--- Activity ---
Please give an exact printout of the records, without any pictures.

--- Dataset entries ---
╔══

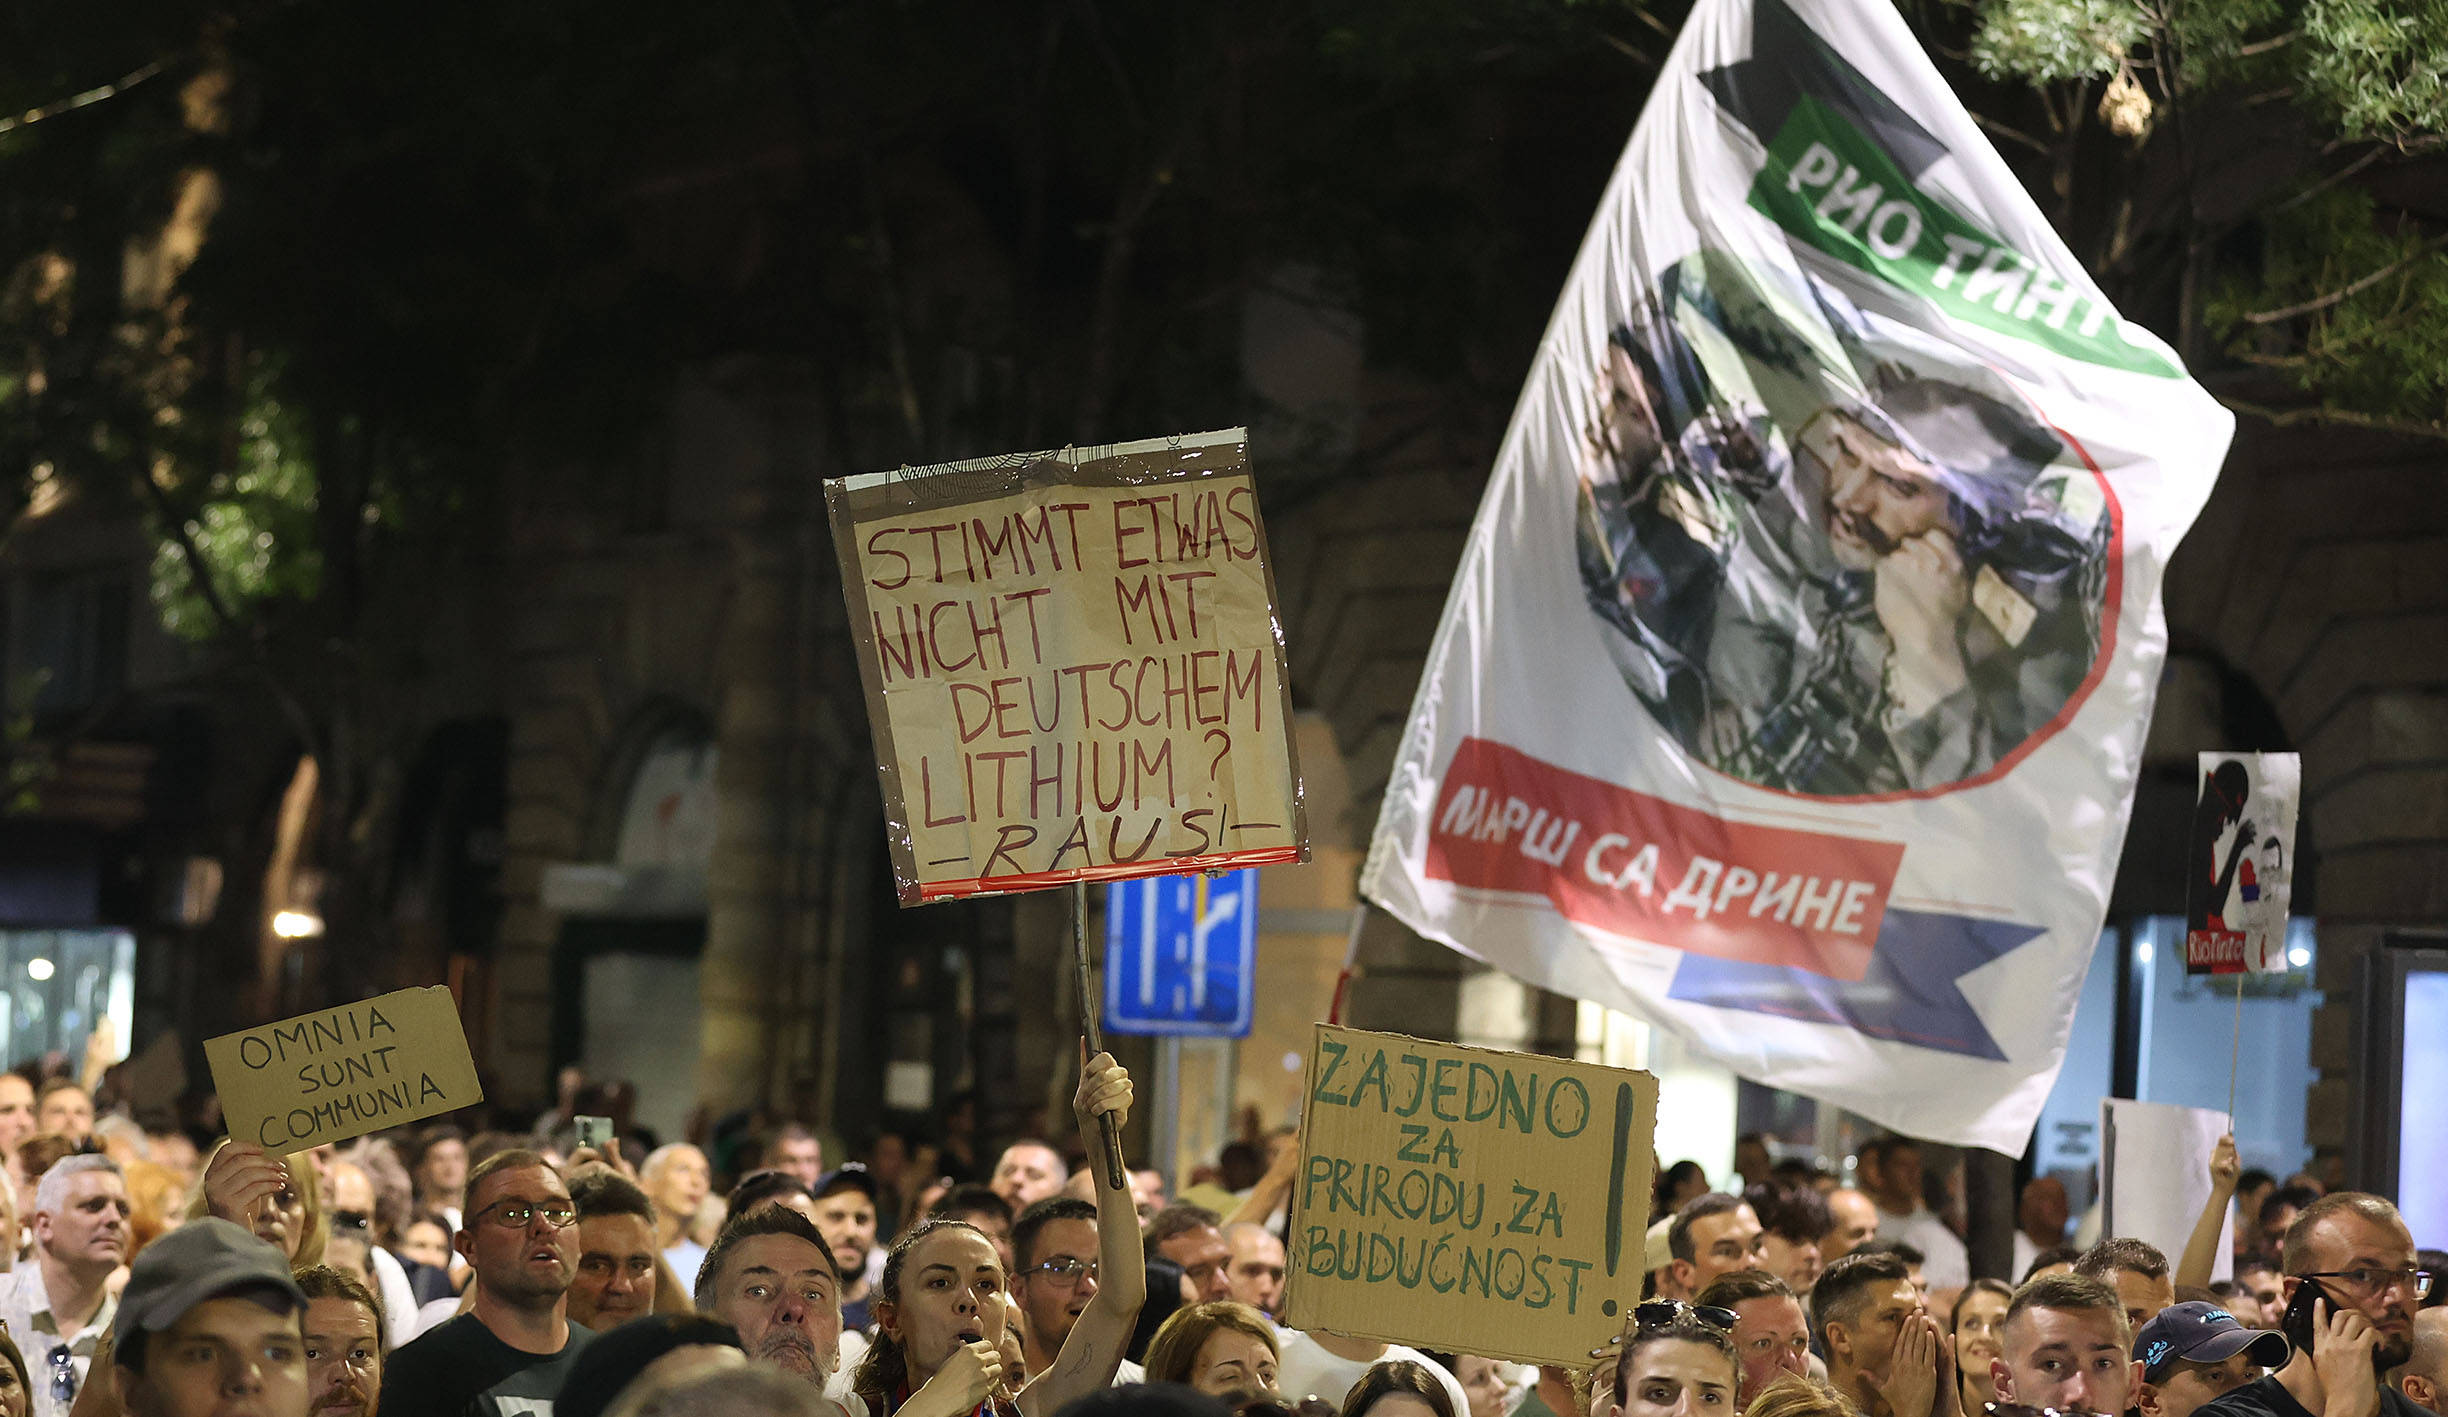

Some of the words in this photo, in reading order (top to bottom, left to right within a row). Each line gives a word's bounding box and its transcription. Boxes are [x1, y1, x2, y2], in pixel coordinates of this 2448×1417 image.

[1785, 141, 1923, 260] РИО
[867, 502, 1090, 590] STIMMT
[1112, 487, 1259, 569] ETWAS
[874, 588, 1051, 683] NICHT
[1115, 571, 1217, 645] MIT
[950, 649, 1263, 745] DEUTSCHEM
[1439, 784, 1582, 868] МАРШ
[1583, 831, 1660, 897] СА
[1662, 858, 1876, 935] ДРИНЕ
[240, 1006, 395, 1069] OMNIA
[299, 1045, 397, 1094] SUNT
[259, 1072, 446, 1148] COMMUNIA
[1314, 1041, 1591, 1139] ZAJEDNO
[1397, 1124, 1460, 1169] ZA
[1506, 1184, 1563, 1238] ZA
[1306, 1225, 1594, 1315] BUDUĆNOST
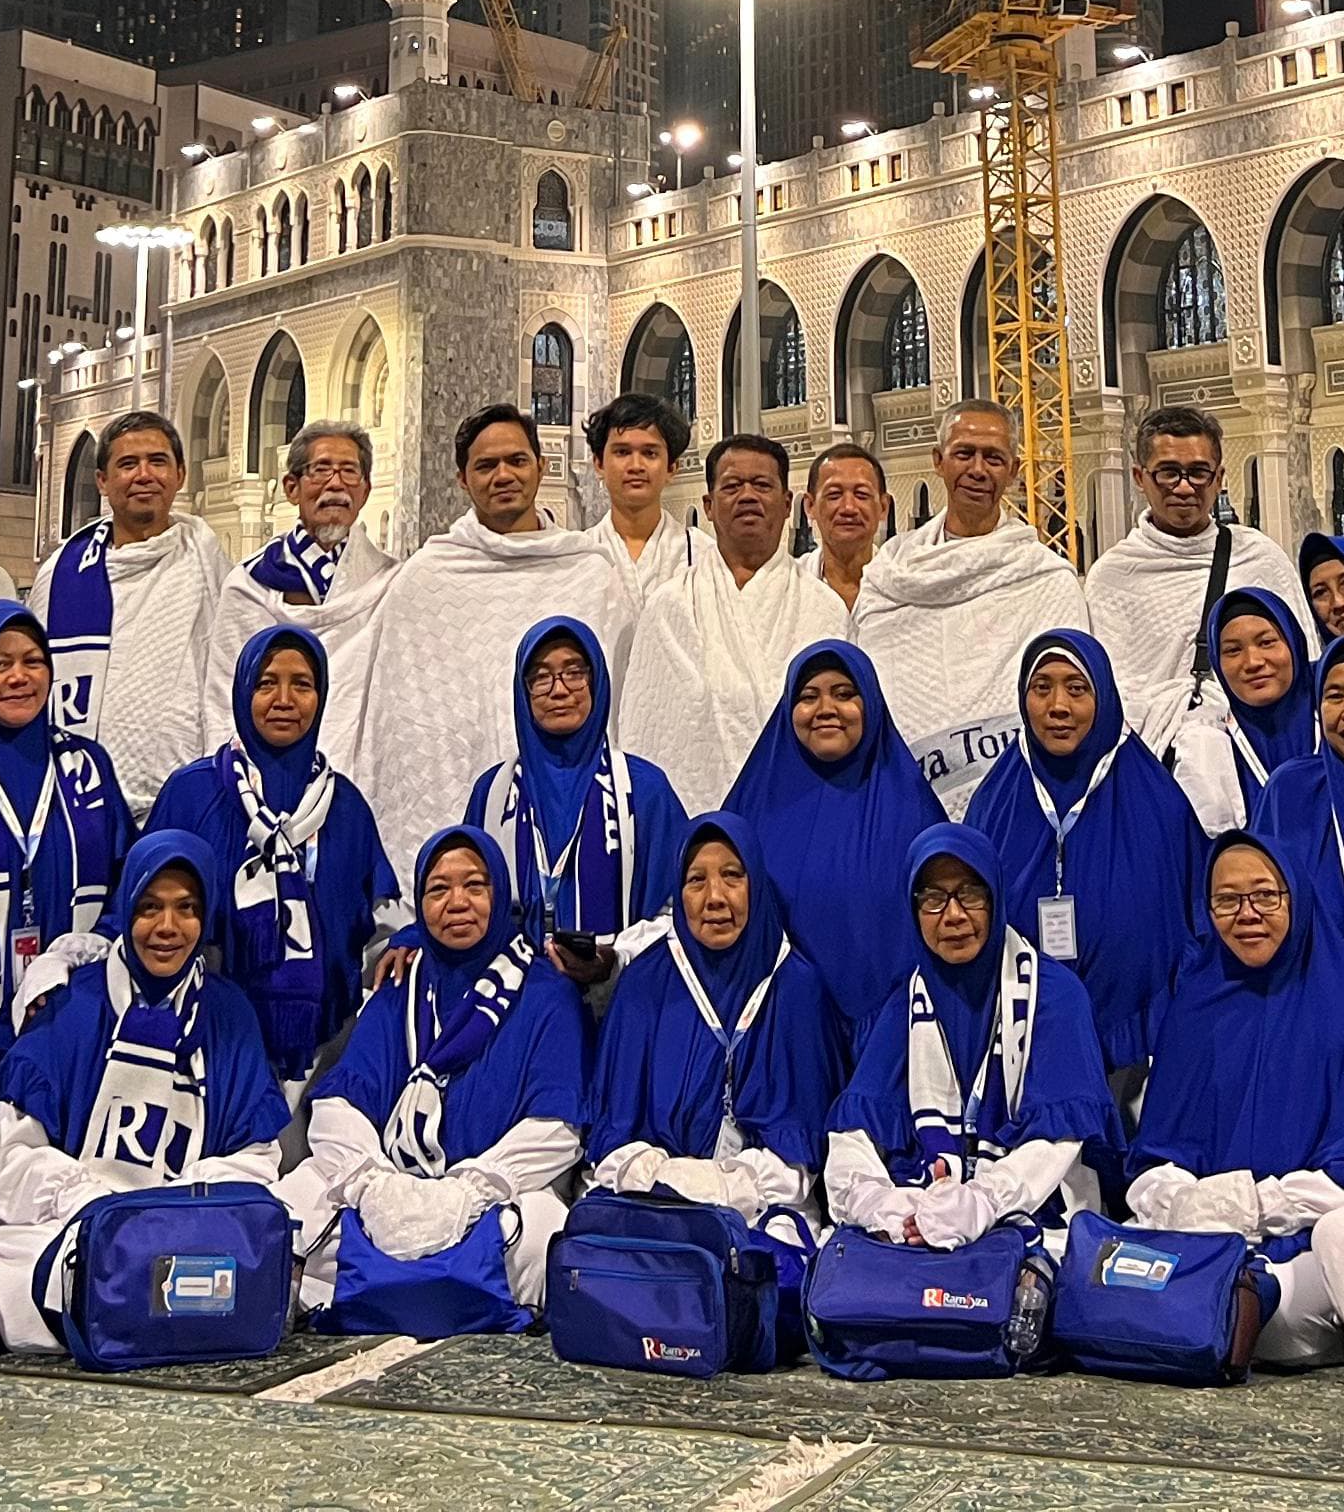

╚══

--- Exercise answer ---
Some of the words in this photo, in reading order (top to bottom, left to right within a row). Each line gives a word's bounding box and its transcription. Boxes are [x1, y1, x2, y2], in pixel coordinates of this 2448×1417 image.

[1785, 141, 1923, 260] РИО
[867, 502, 1090, 590] STIMMT
[1112, 487, 1259, 569] ETWAS
[874, 588, 1051, 683] NICHT
[1115, 571, 1217, 645] MIT
[950, 649, 1263, 745] DEUTSCHEM
[1439, 784, 1582, 868] МАРШ
[1583, 831, 1660, 897] СА
[1662, 858, 1876, 935] ДРИНЕ
[240, 1006, 395, 1069] OMNIA
[299, 1045, 397, 1094] SUNT
[259, 1072, 446, 1148] COMMUNIA
[1314, 1041, 1591, 1139] ZAJEDNO
[1397, 1124, 1460, 1169] ZA
[1506, 1184, 1563, 1238] ZA
[1306, 1225, 1594, 1315] BUDUĆNOST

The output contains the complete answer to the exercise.